[LISTED RECORDS]
════════════════

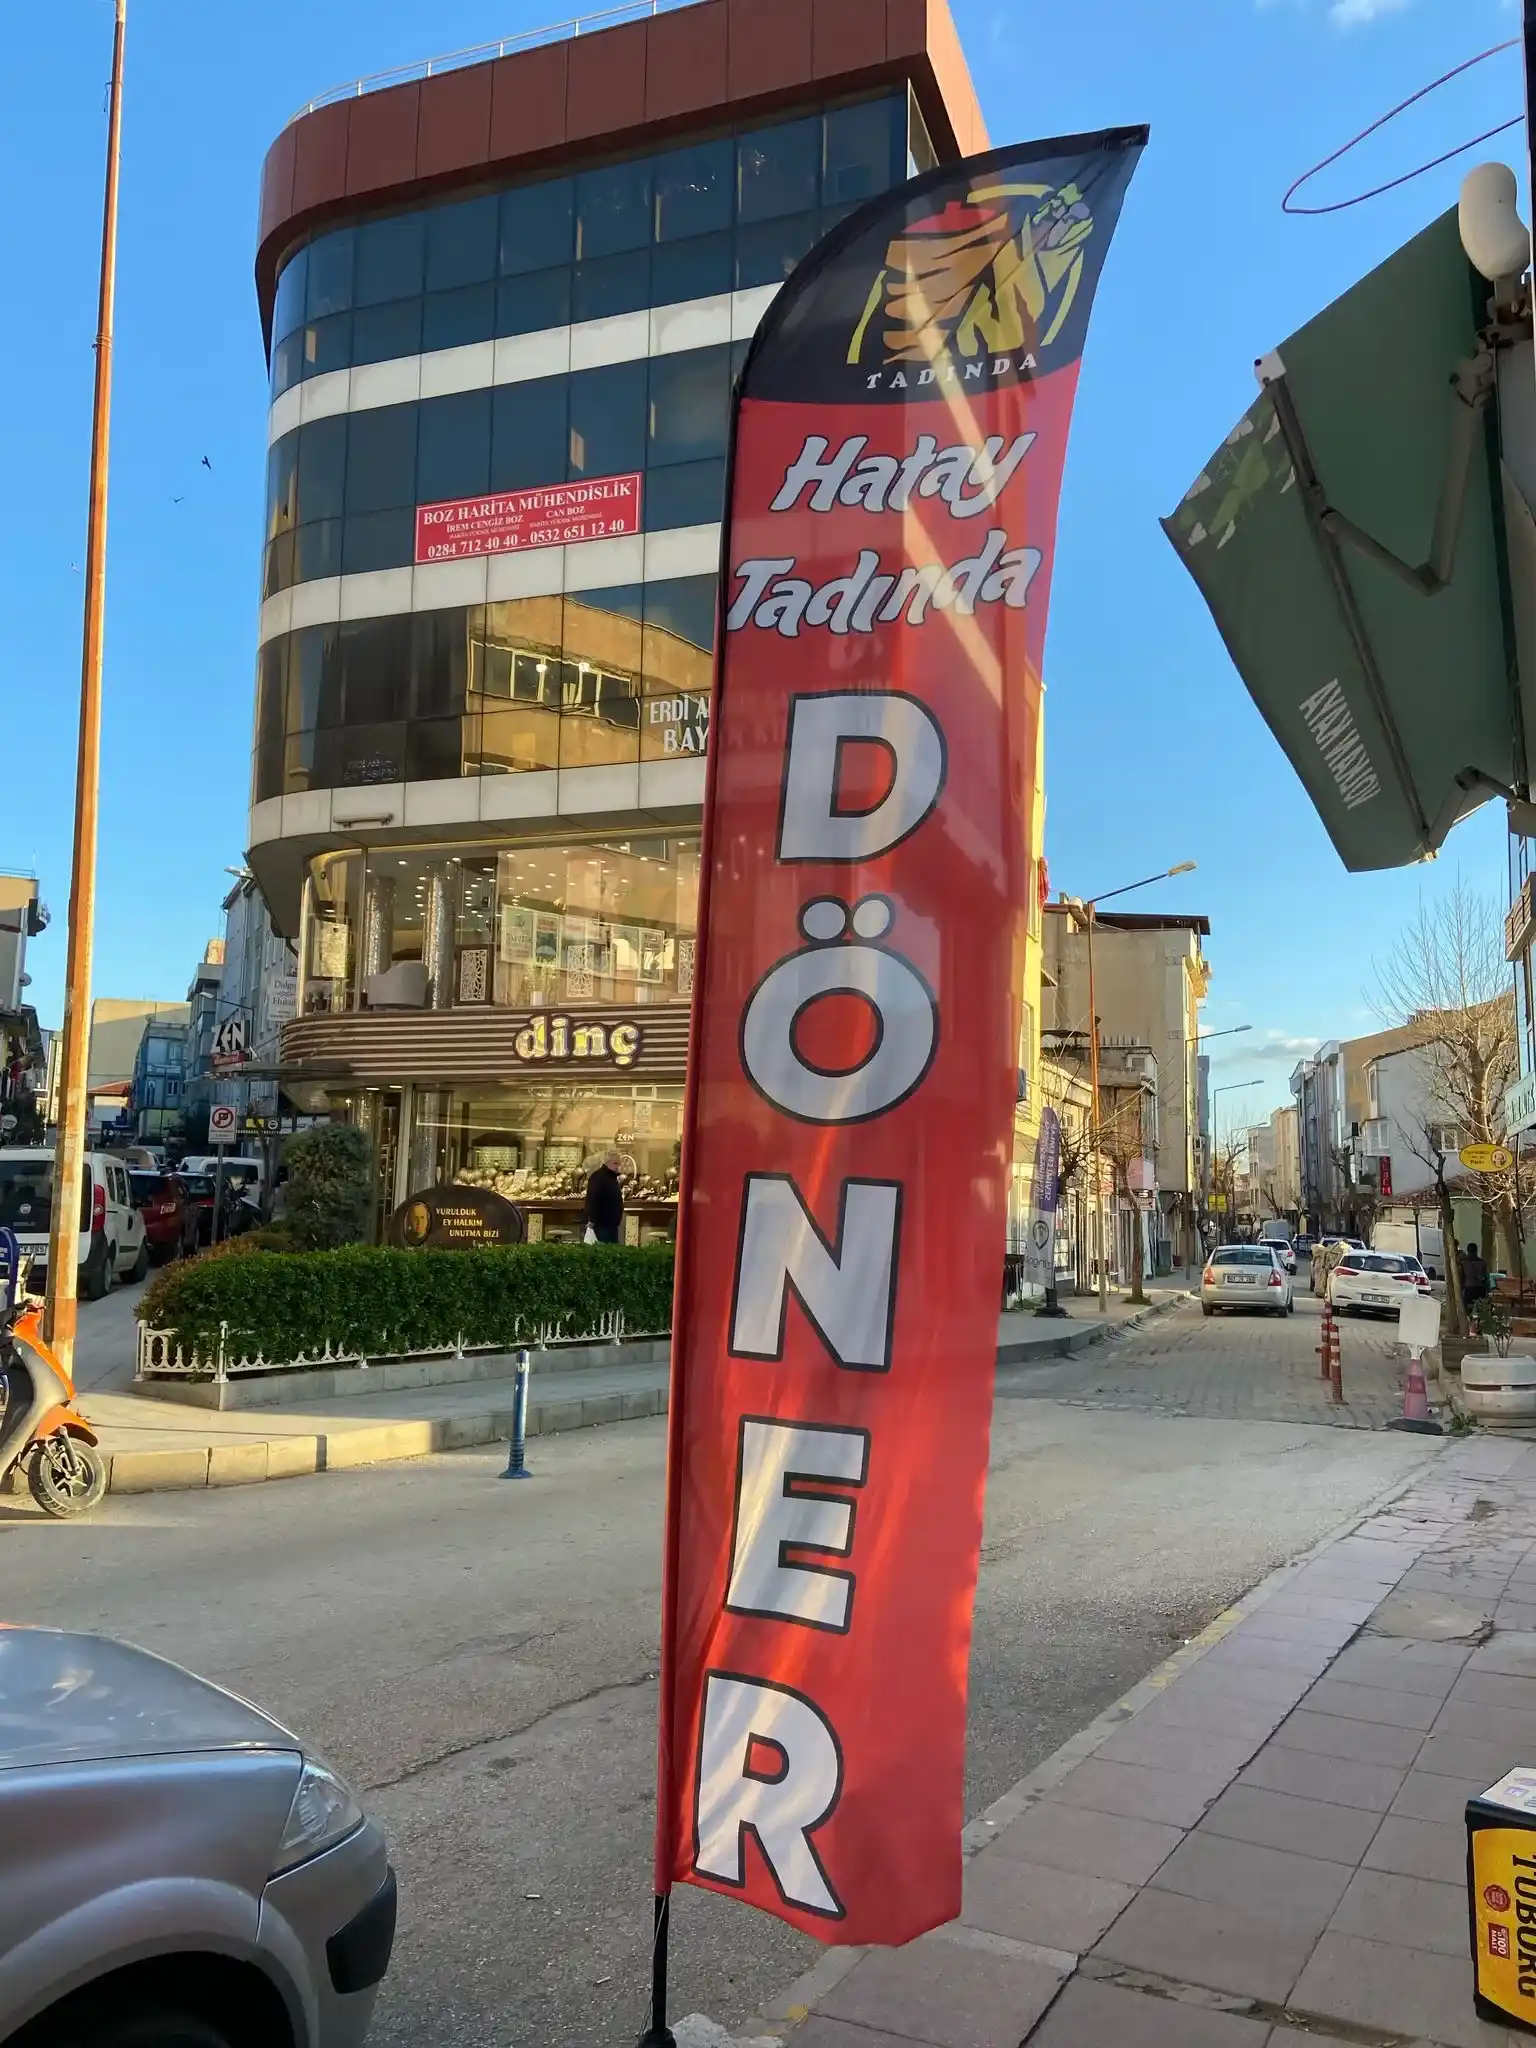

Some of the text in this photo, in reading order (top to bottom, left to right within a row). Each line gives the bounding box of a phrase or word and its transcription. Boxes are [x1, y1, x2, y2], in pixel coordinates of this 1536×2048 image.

[769, 432, 1038, 519] Hatay
[423, 481, 632, 525] BOZ HARİTA MÜHENDİSLİK
[546, 505, 585, 519] CAN BOZ
[428, 542, 457, 557] 0284
[460, 539, 481, 553] 712
[485, 536, 500, 549] 40
[503, 534, 518, 546] 40
[530, 528, 560, 544] 0532
[563, 524, 585, 539] 651
[591, 521, 605, 535] 12
[609, 519, 625, 532] 40
[446, 514, 524, 533] İREM CENGİZ BOZ
[727, 530, 1042, 637] Tadında
[210, 1019, 245, 1055] ZEN
[515, 1016, 639, 1065] dinç
[617, 1133, 635, 1141] ZEN
[443, 1218, 483, 1226] EY HALKIM
[449, 1229, 481, 1237] UNUTMA
[691, 690, 948, 1923] DÖNER
[1512, 1854, 1536, 1999] TUBORG
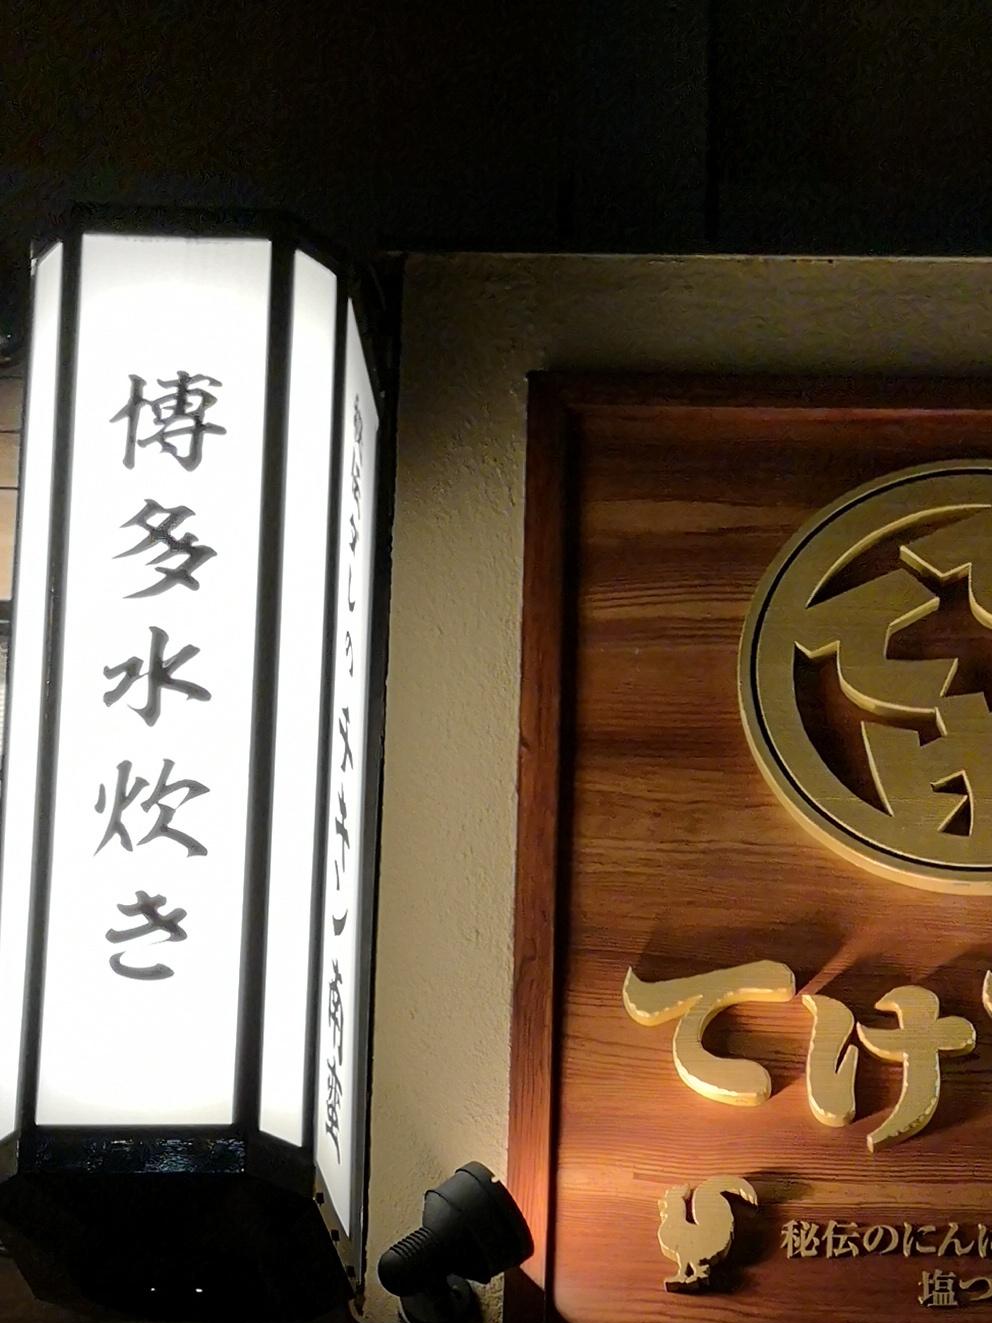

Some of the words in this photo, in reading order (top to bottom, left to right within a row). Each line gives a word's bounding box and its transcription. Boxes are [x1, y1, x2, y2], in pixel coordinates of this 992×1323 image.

[93, 369, 228, 983] 博多水炊き
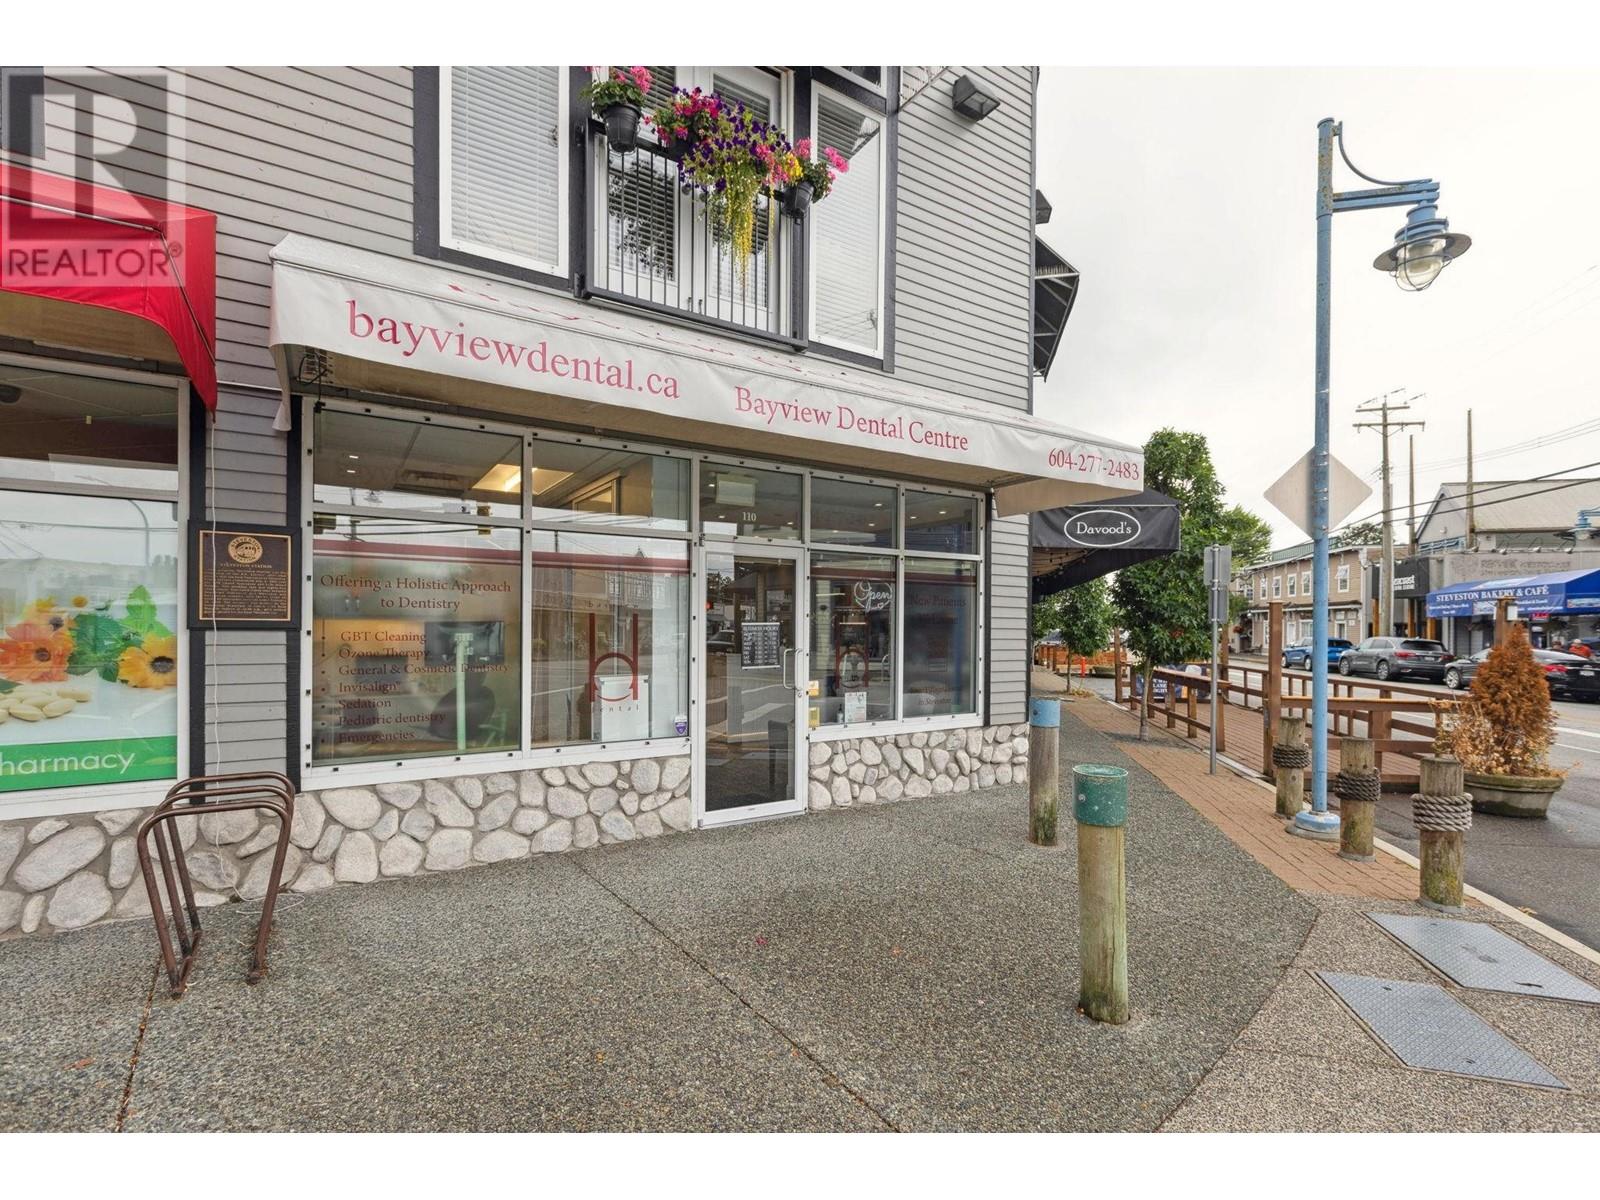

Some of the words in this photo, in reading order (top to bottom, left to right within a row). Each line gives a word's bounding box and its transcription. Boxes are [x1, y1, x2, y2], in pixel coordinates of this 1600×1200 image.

════════════════

[WORK TO COMPLETE]
Give again, word for word, the lines above from the one with "this 992×1323 image." through the final line of the data, both ends included. Do not copy any picture.

[RESPONSE BELOW]
Some of the words in this photo, in reading order (top to bottom, left to right within a row). Each line gives a word's bounding box and its transcription. Boxes are [x1, y1, x2, y2], in pixel coordinates of this 992×1323 image.

[93, 369, 228, 983] 博多水炊き

Some of the words in this photo, in reading order (top to bottom, left to right within a row). Each line gives a word's bounding box and its transcription. Boxes are [x1, y1, x2, y2], in pixel coordinates of this 1600×1200 image.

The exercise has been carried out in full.